### Task goal
A complete, exact retyping of the data below is required.

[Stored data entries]
+-------+

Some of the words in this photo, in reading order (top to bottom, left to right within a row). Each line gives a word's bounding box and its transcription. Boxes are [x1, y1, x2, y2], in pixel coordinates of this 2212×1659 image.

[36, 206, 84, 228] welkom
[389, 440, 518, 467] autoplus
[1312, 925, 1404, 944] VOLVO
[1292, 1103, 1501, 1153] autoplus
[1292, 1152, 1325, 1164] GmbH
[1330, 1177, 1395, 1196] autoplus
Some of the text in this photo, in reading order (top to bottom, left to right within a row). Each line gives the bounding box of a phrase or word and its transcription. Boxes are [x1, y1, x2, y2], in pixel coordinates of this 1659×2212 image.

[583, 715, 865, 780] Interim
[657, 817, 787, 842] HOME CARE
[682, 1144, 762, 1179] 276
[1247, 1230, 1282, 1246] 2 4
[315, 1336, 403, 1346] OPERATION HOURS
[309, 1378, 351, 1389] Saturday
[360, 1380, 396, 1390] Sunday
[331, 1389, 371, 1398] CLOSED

+-------+

### Response to this exercise
Some of the words in this photo, in reading order (top to bottom, left to right within a row). Each line gives a word's bounding box and its transcription. Boxes are [x1, y1, x2, y2], in pixel coordinates of this 2212×1659 image.

[36, 206, 84, 228] welkom
[389, 440, 518, 467] autoplus
[1312, 925, 1404, 944] VOLVO
[1292, 1103, 1501, 1153] autoplus
[1292, 1152, 1325, 1164] GmbH
[1330, 1177, 1395, 1196] autoplus
Some of the text in this photo, in reading order (top to bottom, left to right within a row). Each line gives the bounding box of a phrase or word and its transcription. Boxes are [x1, y1, x2, y2], in pixel coordinates of this 1659×2212 image.

[583, 715, 865, 780] Interim
[657, 817, 787, 842] HOME CARE
[682, 1144, 762, 1179] 276
[1247, 1230, 1282, 1246] 2 4
[315, 1336, 403, 1346] OPERATION HOURS
[309, 1378, 351, 1389] Saturday
[360, 1380, 396, 1390] Sunday
[331, 1389, 371, 1398] CLOSED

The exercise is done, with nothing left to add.